On the left hand side here, we’ve plotted our points together with a histogram. Notice how when many points are close together, the peaks of the histogram are higher. This histogram in some sense describes the density of points along the line, but it’s a bit jagged and the height of the bins is sensitive to where we draw the bin edges.

On the right hand side, we can see the kernels that we’ve put on top of each point. By changing the standard deviation of the kernel, we could make these narrower or broader, just as we could change the look of the histogram by changing the width of the bins. Watch what happens when we add all the kernels together.

[3]:

# Create a figure with 2 subplots, sharing x and y axes
fig, ax = plt.subplots(1, 2, figsize=(10, 5), sharex=True, sharey=True)

# Plot Gaussian curves for each point on the first subplot
plt.sca(ax[0])
for point in points:
    plot_gaussian(point)
plt.scatter(points, 0 * points + 0.05, c='r', marker='x')
plt.xlim([0, 1])

# Define a function to add a Gaussian curve to the sum
def add_gaussian_to_sum(xrange, sum, x):
    sd = 0.05
    gauss = np.exp((-(xrange - x) ** 2) / (2 * sd ** 2))
    sum += gauss
    return sum

# Initialize the range and sum for the Gaussian curves
xrange = np.linspace(0, 1, 101)
sum = np.zeros(len(xrange))

# Add Gaussian curves for each point to the sum on the second subplot
plt.sca(ax[1])
for point in points:
    sum = add_gaussian_to_sum(xrange, sum, point)
plt.scatter(points, 0 * points + 0.05, c='r', marker='x')
plt.plot(xrange, sum)
plt.xlim([0, 1])

[3]:

(0.0, 1.0)

../../_images/_collections_distribution_analysis_Distribution_1_-_KDE_6_1.png

Where there are points close together, the kernels have reinforced one another to leave a large peak. Regions with few points have a low value.
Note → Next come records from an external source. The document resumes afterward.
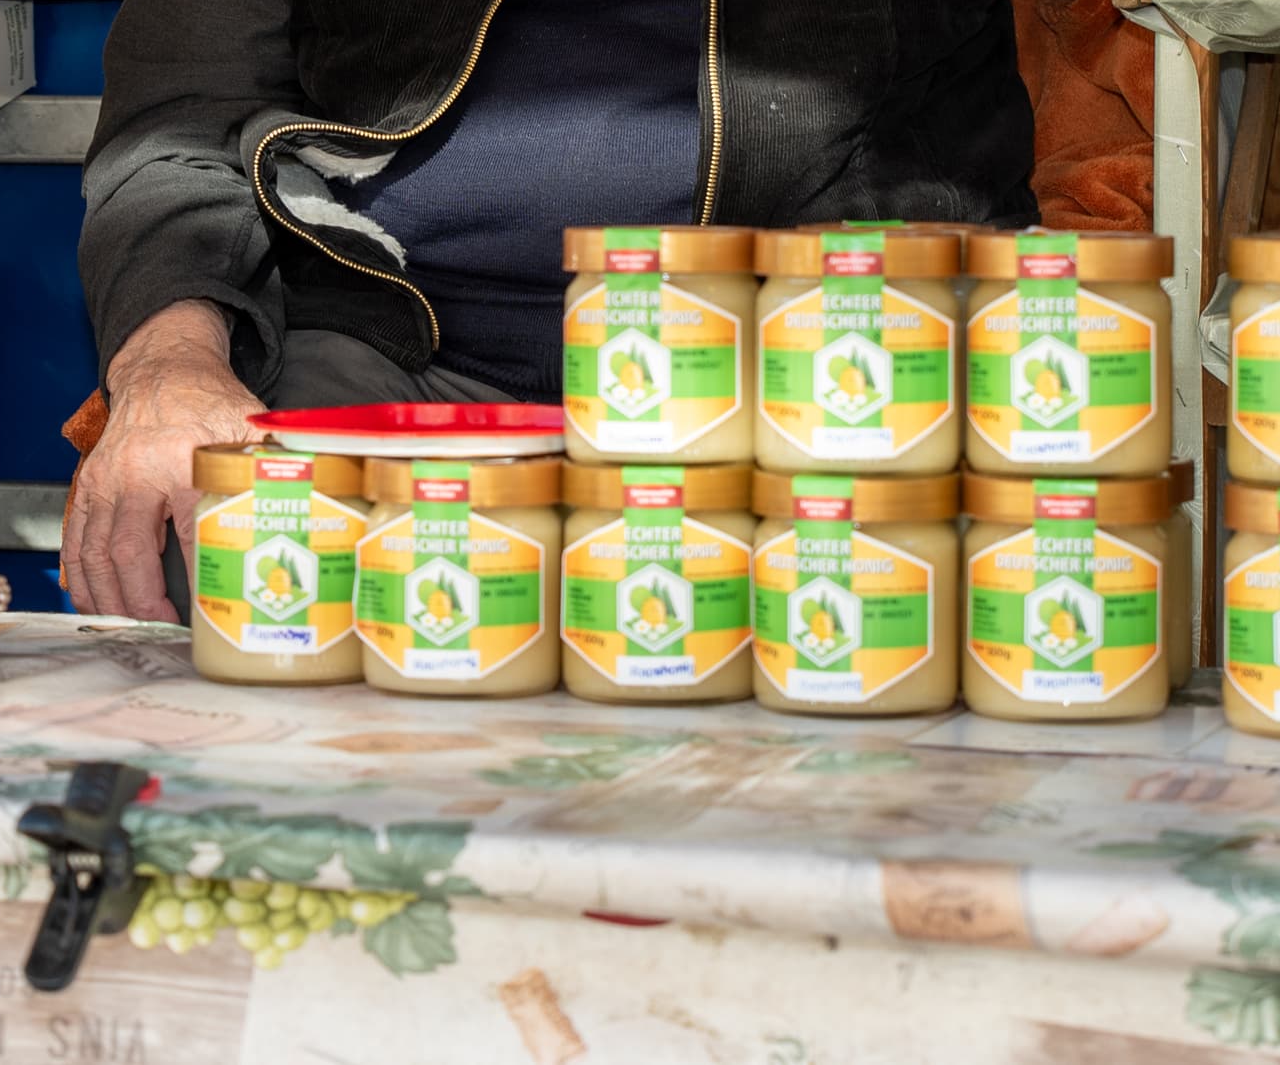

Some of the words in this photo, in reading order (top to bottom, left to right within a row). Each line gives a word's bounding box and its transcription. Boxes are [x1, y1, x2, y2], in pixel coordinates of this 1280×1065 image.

[821, 294, 882, 311] ECHTER
[1017, 297, 1077, 314] ECHTER
[784, 312, 869, 331] DEUTSCHER
[872, 313, 921, 330] HONIG
[985, 313, 1065, 332] DEUTSCHER
[1067, 314, 1120, 331] HONIG
[253, 498, 310, 515] ECHTER
[219, 513, 297, 532] DEUTSCHER
[301, 516, 348, 532] HONIG
[413, 519, 469, 535] ECHTER
[624, 526, 682, 542] ECHTER
[382, 537, 456, 555] DEUTSCHER
[460, 537, 510, 554] HONIG
[589, 542, 669, 561] DEUTSCHER
[673, 543, 722, 560] HONIG
[795, 538, 852, 555] ECHTER
[1033, 537, 1094, 555] ECHTER
[766, 555, 837, 573] DEUTSCHER
[841, 557, 894, 574] HONIG
[995, 555, 1080, 574] DEUTSCHER
[1083, 556, 1133, 573] HONIG
[47, 1015, 147, 1064] VINS
Compare this graph with the histogram above - we can think of this as being almost a continuous version of it.

Let’s see what this looks like in 2D. Instead of adding a 1D Gaussian, we’ll add a 2D Gaussian to each point.

[4]:

# Perform kernel density estimation on the domain for the population of 'Celltype' 'A'
# The result is visualised automatically
kde = ms.distribution.kernel_density_estimation(
    domain,
    population=('Celltype', 'A'),
    visualise_output=True
)

../../_images/_collections_distribution_analysis_Distribution_1_-_KDE_8_0.png

Using MuSpAn’s ms.distribution.kernel_density_estimation(), we’ve successfully visualised a continuum representation of the density of Celltype ‘A’ across the region. Notice that this has been normalised, so we can interpret it as a probability density function. If you don’t want to use a Gaussian kernel, you can instead use ms.distribution.generate_distribution() to specify custom kernels, as well as alternative methods for normalisation.